Although challenging all the E’s as one is always going to be overly ambitious, as a piece of parody Thagard’s post is certainly effective. The ridiculousness of his claim, and the apparent ridiculousness of the philosophical position it apparently extolls emerge quite brilliantly as the writing proceeds.
Thagard contends that he will “show that breathing is extended and therefore should not be identified with lung functioning”. Reflecting upon the work of his ‘peers’, Noe, Thompson and Chemero; he declares - with more than a little comedic prowess - that he “heartily endorses this exciting new approach to cognitive science and looks forward to future developments in theories such as digestion and sexual reproduction, all of which extend into the world in ways too indelicate to report here”. Indeed, Thagard even has a new catchy phrase for his extended breath hypothesis. Having taken inspiration from the often mischaracterised German philosopher Martin Heidgger, and his concept of being-in-the-world, Thagard refers to his extended breath hypothesis simply as ‘breathing-in-the-world’. The hyphenated structure of the phrase - as is the case with Heidegger - meaning to illustrate the necessary relationships between terms. But is this article accurate at hitting more than just our funny bones; does it hit its other intended target?
Some of the attendant comments are illustrative here. Certain commenters, reminding me of when an acquaintance sent me this ‘careful’ piece of journalism by ‘America’s Finest News Source’, seem to think that the piece is genuinely effective. Others, of course, sympathise with its true intentions.
However, amongst the sheep and the slaughter there is a shepherd to be found (I guess that makes me a dog). In fact, the inspiration for this post comes from that shepherd; commenter ‘Marek’ (a link to his comment can be found here). He seems to think that Thagard’s attack makes a criticism that is both banal, and not actually the position of enactivists, such as the ones earlier mentioned.
Marek indicates that breathing is not properly conceived as an enactive process in the same way that cognition is, and thus, the analogy fails. Breathing, properly defined as ‘osmotic diffusion across pulmonary membranes’ is a genuine possibility of the lung-in-the-vat, contends Marek; and that, with even our current technologies lungs are quite capable of breathing without being connected to any ‘body’(as can be witnessed here).

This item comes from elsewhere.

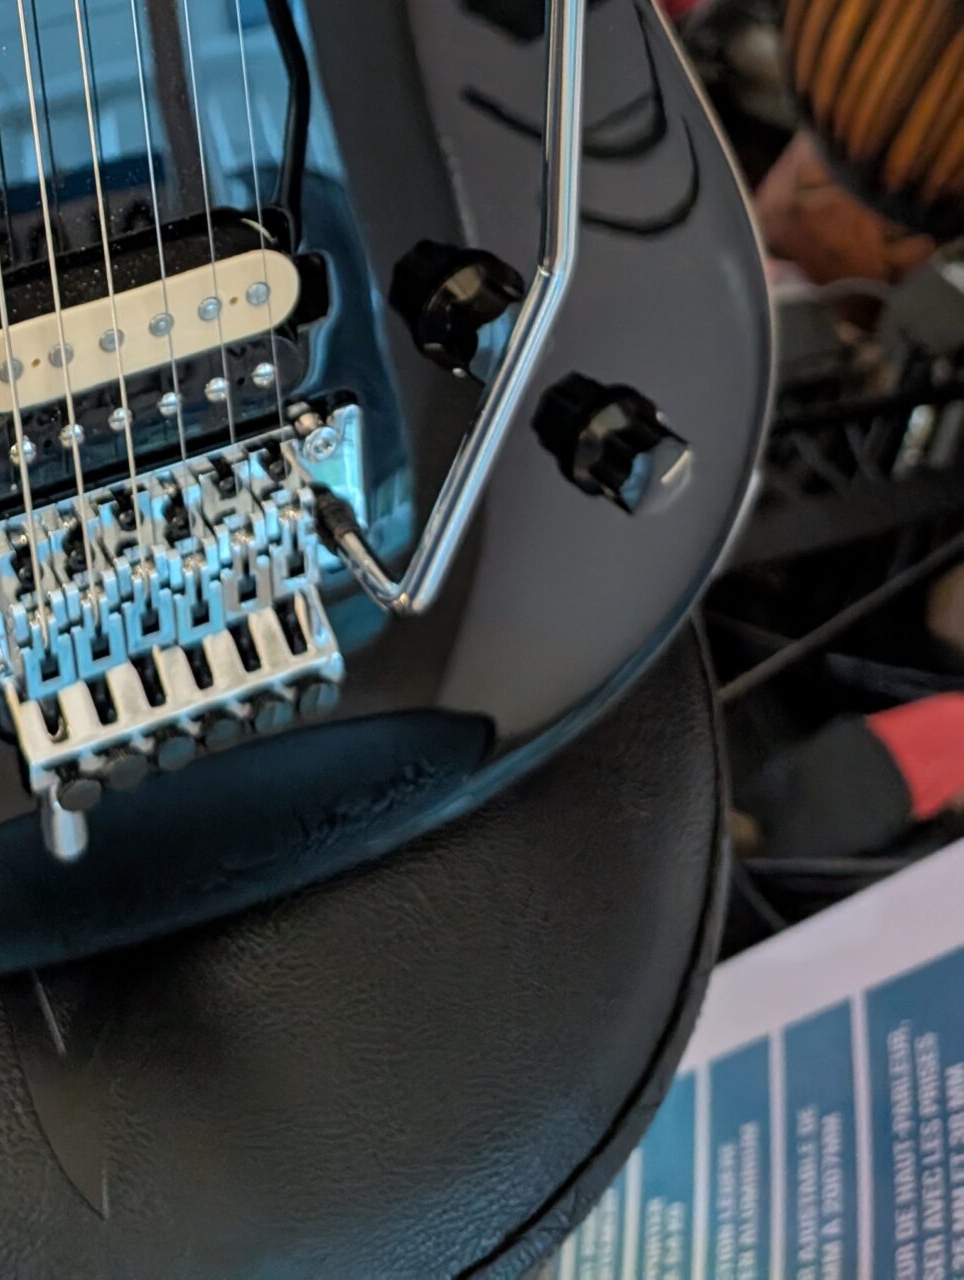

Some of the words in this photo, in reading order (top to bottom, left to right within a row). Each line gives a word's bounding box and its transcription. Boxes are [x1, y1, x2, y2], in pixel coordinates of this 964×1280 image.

What Marek does not say, but I suspect he is implying, is that there are some obvious discrepancies that emerge when you make the contrast between the possibility of the genuine breathing lung-in-the-vat, and the impossibility of the genuine thinking brain-in-the-vat [as argued for by Evan Thompson here]. In this article Thompson makes what some call the definitive case for why the ‘minimal requirements for consciousness include a living body, and not just neuronal processes in the skull’. Ultimately, what these descrepencies amount to is the following: though a lung-in-a-vat can breath like a regular lung without being embodied, a brain-in-a-vat cannot think like a regular brain unless that vat constitutes something that is “an embodied agent in the world” i.e. a body.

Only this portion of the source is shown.